→ TASK PROMPT: A verbatim printing of the entries that follow is needed; pictures must not appear in it.

Start of Block

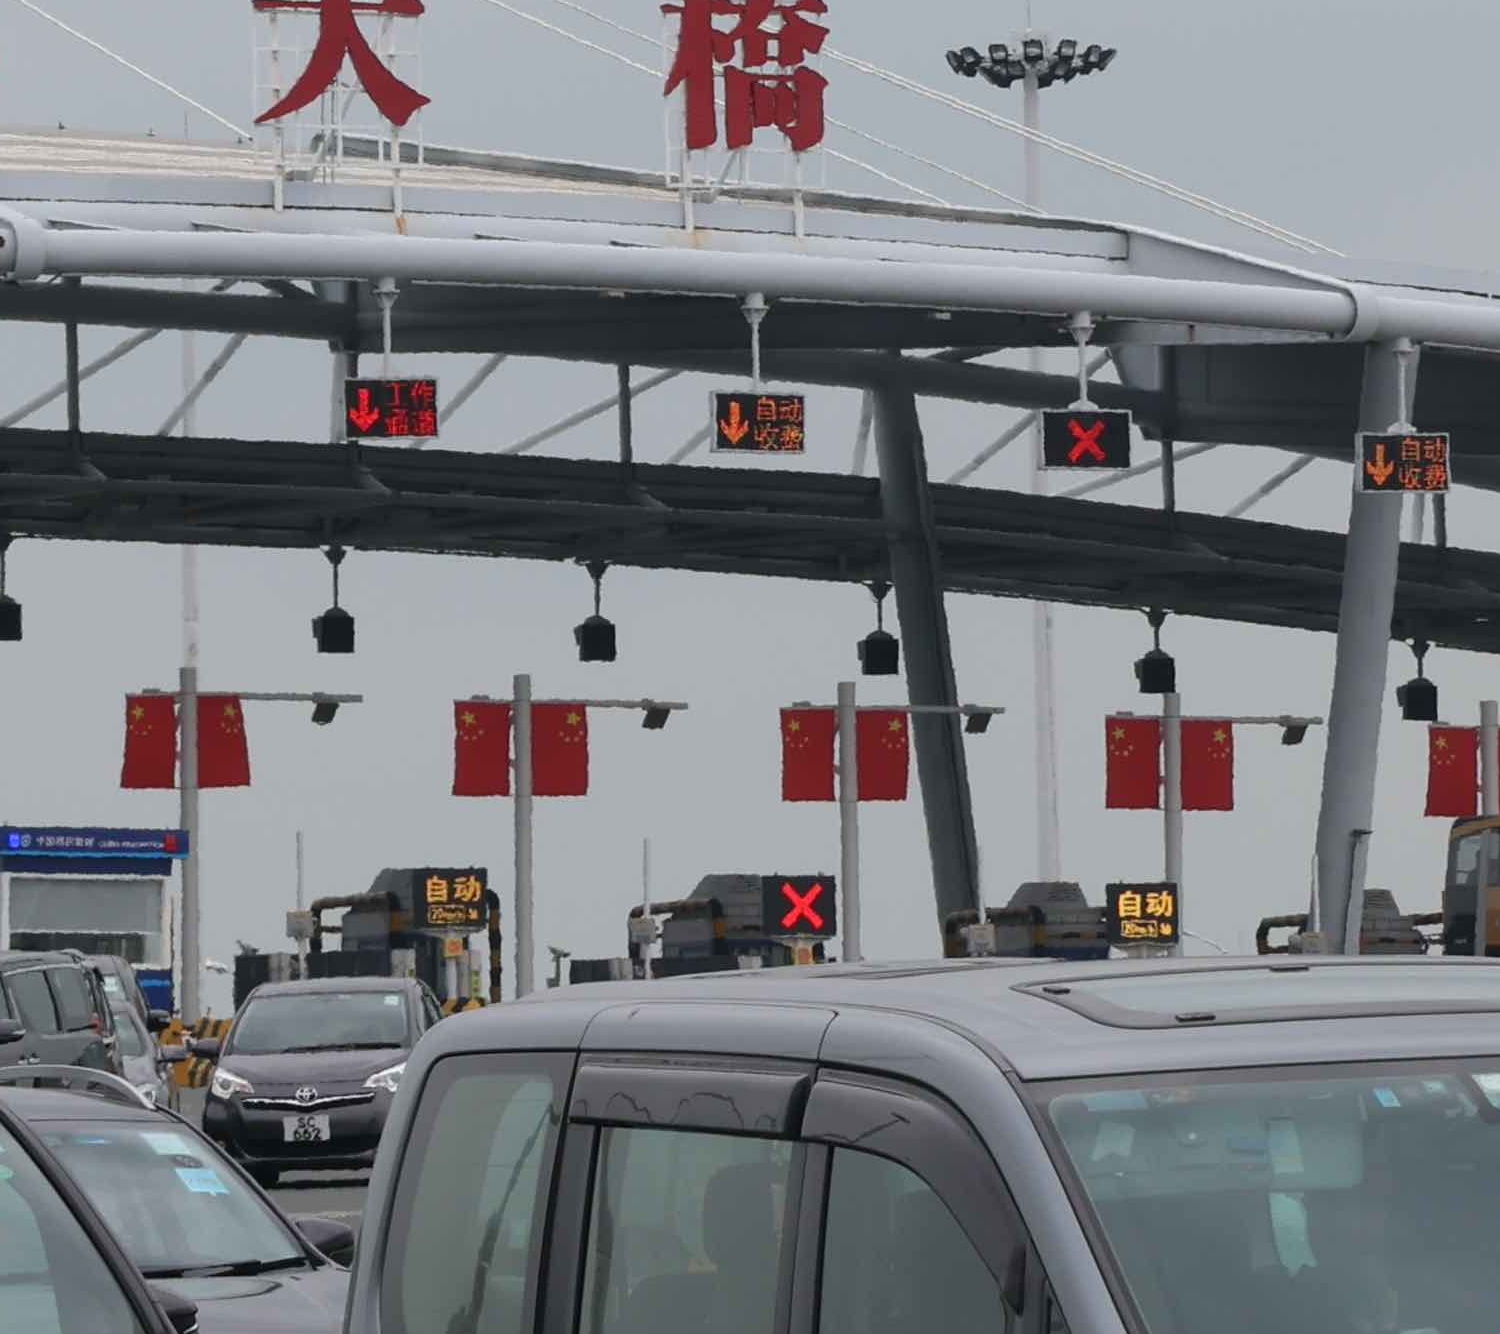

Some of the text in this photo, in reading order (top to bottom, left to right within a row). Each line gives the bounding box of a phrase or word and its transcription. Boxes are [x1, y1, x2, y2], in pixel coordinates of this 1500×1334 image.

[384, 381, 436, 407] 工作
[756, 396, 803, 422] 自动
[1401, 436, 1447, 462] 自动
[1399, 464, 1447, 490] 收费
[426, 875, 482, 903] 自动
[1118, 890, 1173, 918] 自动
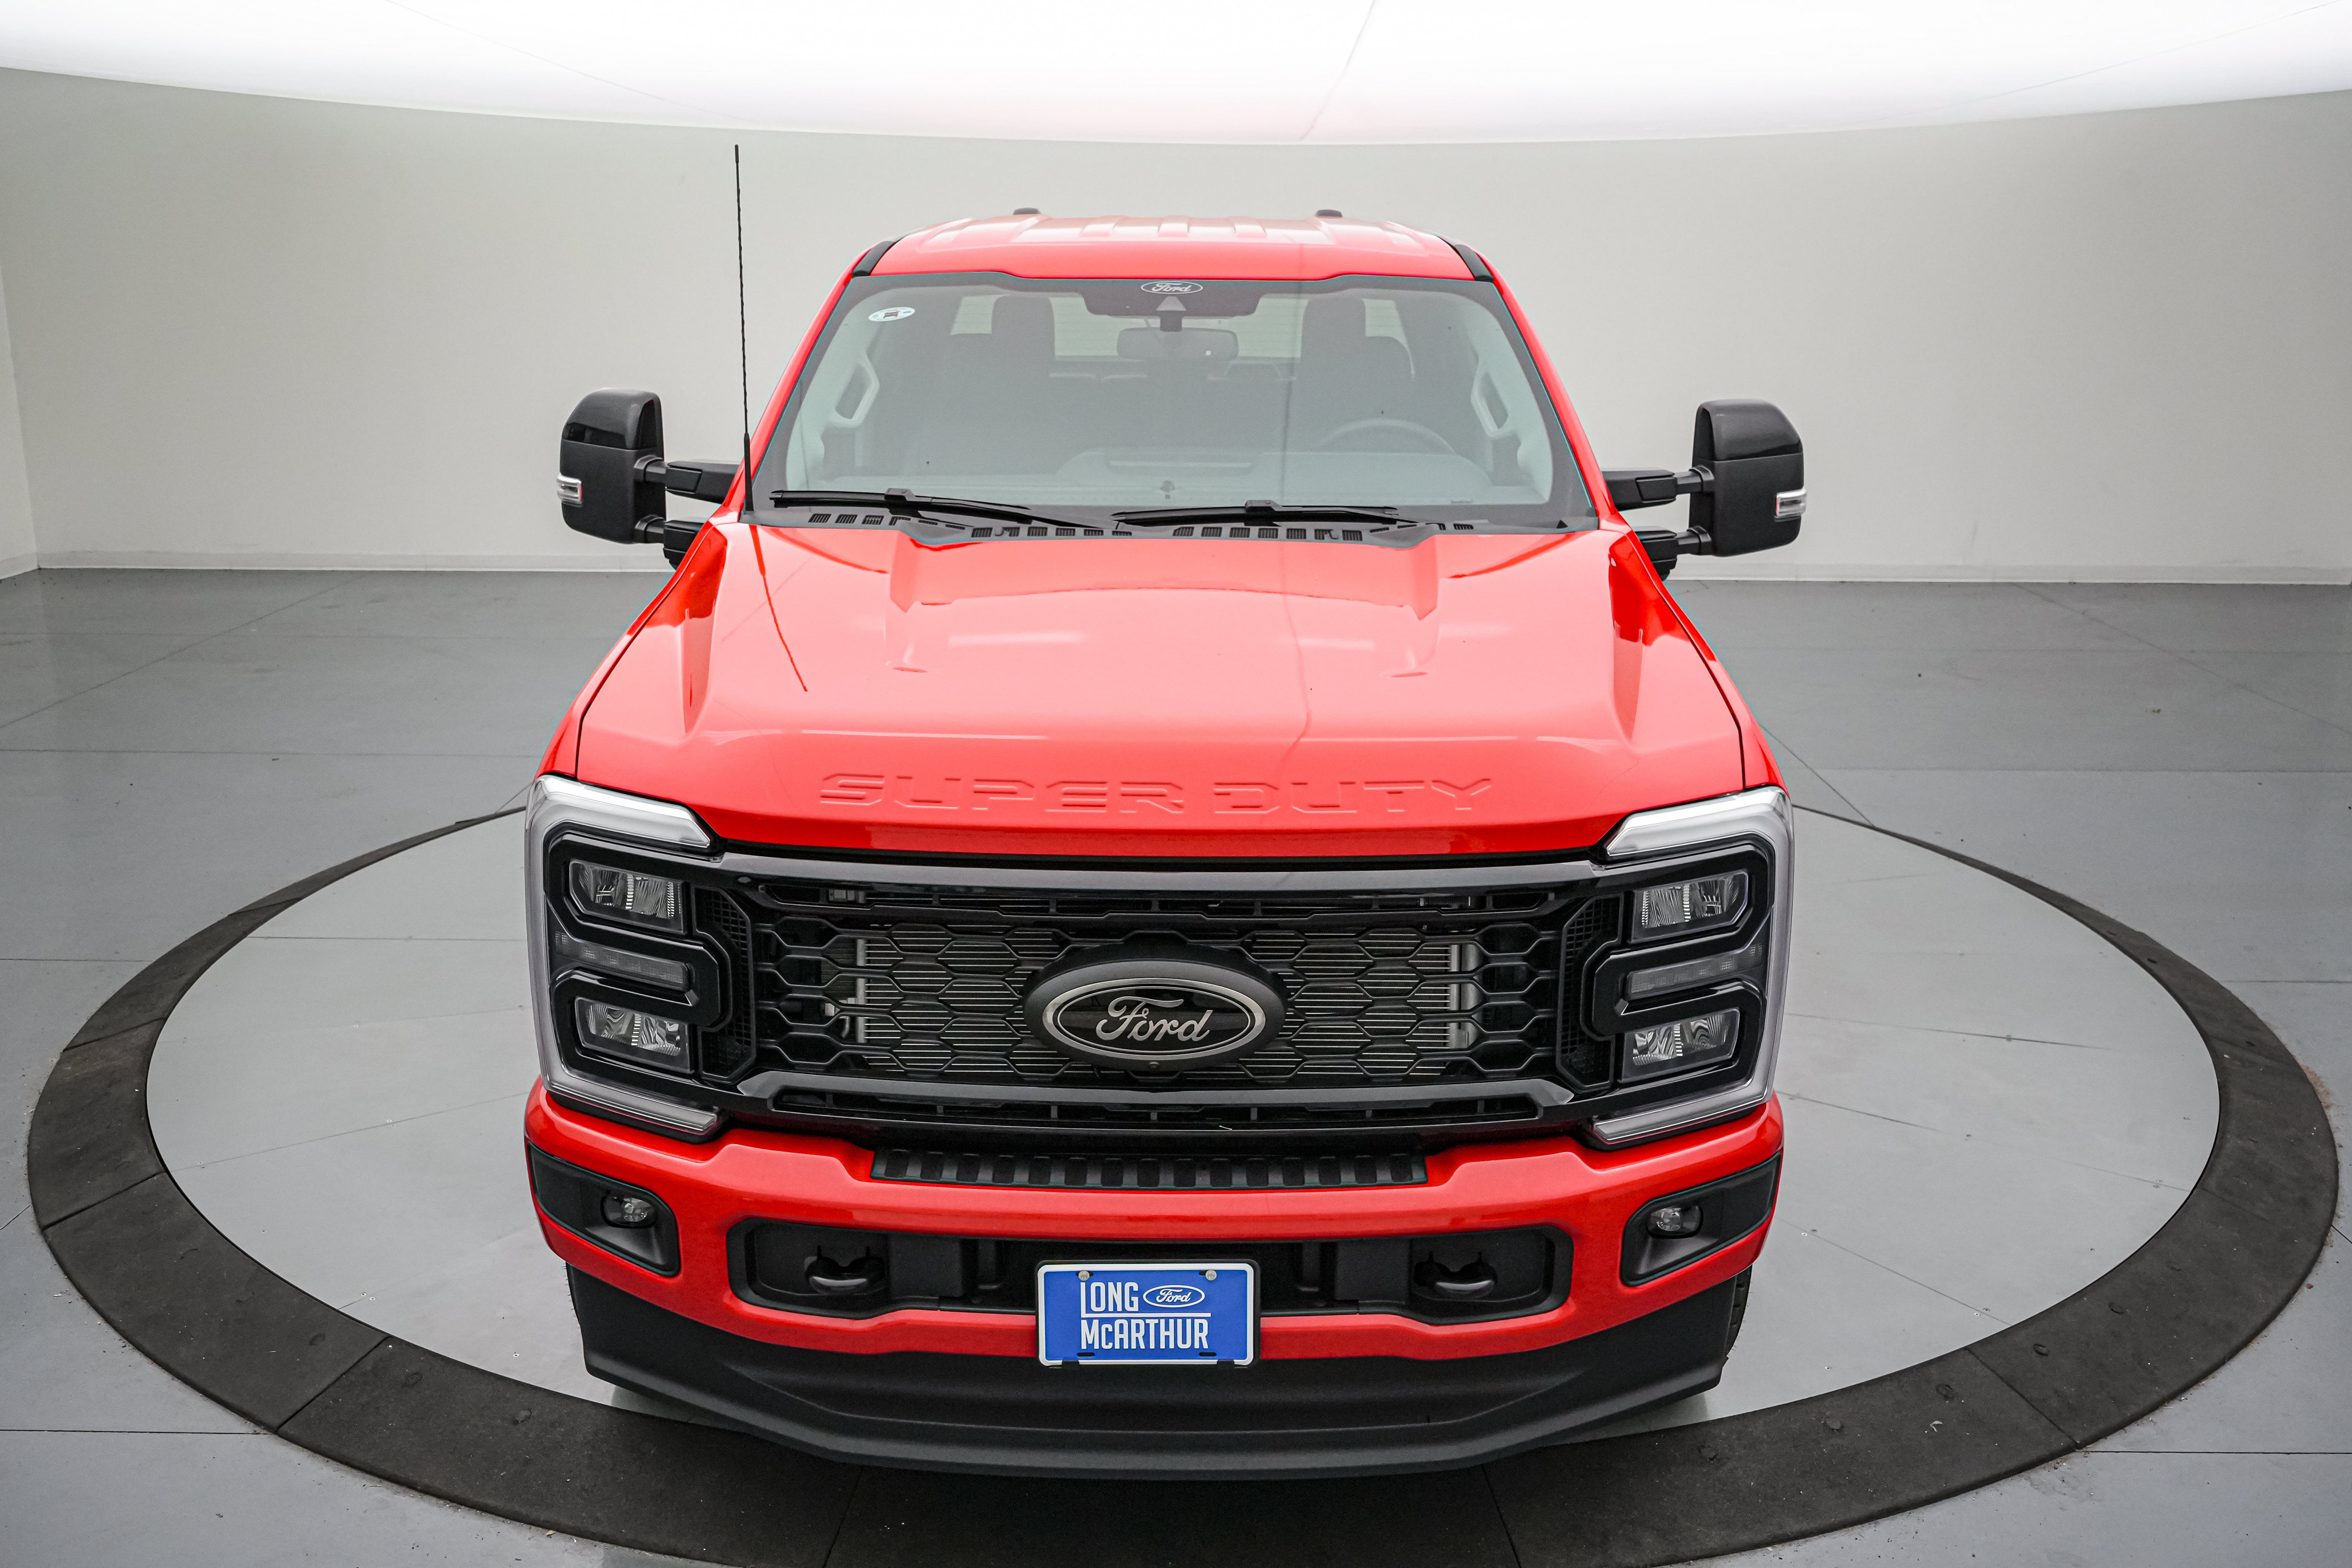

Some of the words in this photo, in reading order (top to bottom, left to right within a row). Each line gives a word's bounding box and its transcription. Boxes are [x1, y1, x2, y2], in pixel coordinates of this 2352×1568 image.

End of Block

→ COMPLETED EXERCISE:
Some of the text in this photo, in reading order (top to bottom, left to right within a row). Each line gives the bounding box of a phrase or word and its transcription. Boxes are [x1, y1, x2, y2], in pixel coordinates of this 1500×1334 image.

[384, 381, 436, 407] 工作
[756, 396, 803, 422] 自动
[1401, 436, 1447, 462] 自动
[1399, 464, 1447, 490] 收费
[426, 875, 482, 903] 自动
[1118, 890, 1173, 918] 自动

Some of the words in this photo, in reading order (top to bottom, left to right within a row). Each line gives a word's bounding box and its transcription. Boxes are [x1, y1, x2, y2], in pixel coordinates of this 2352×1568 image.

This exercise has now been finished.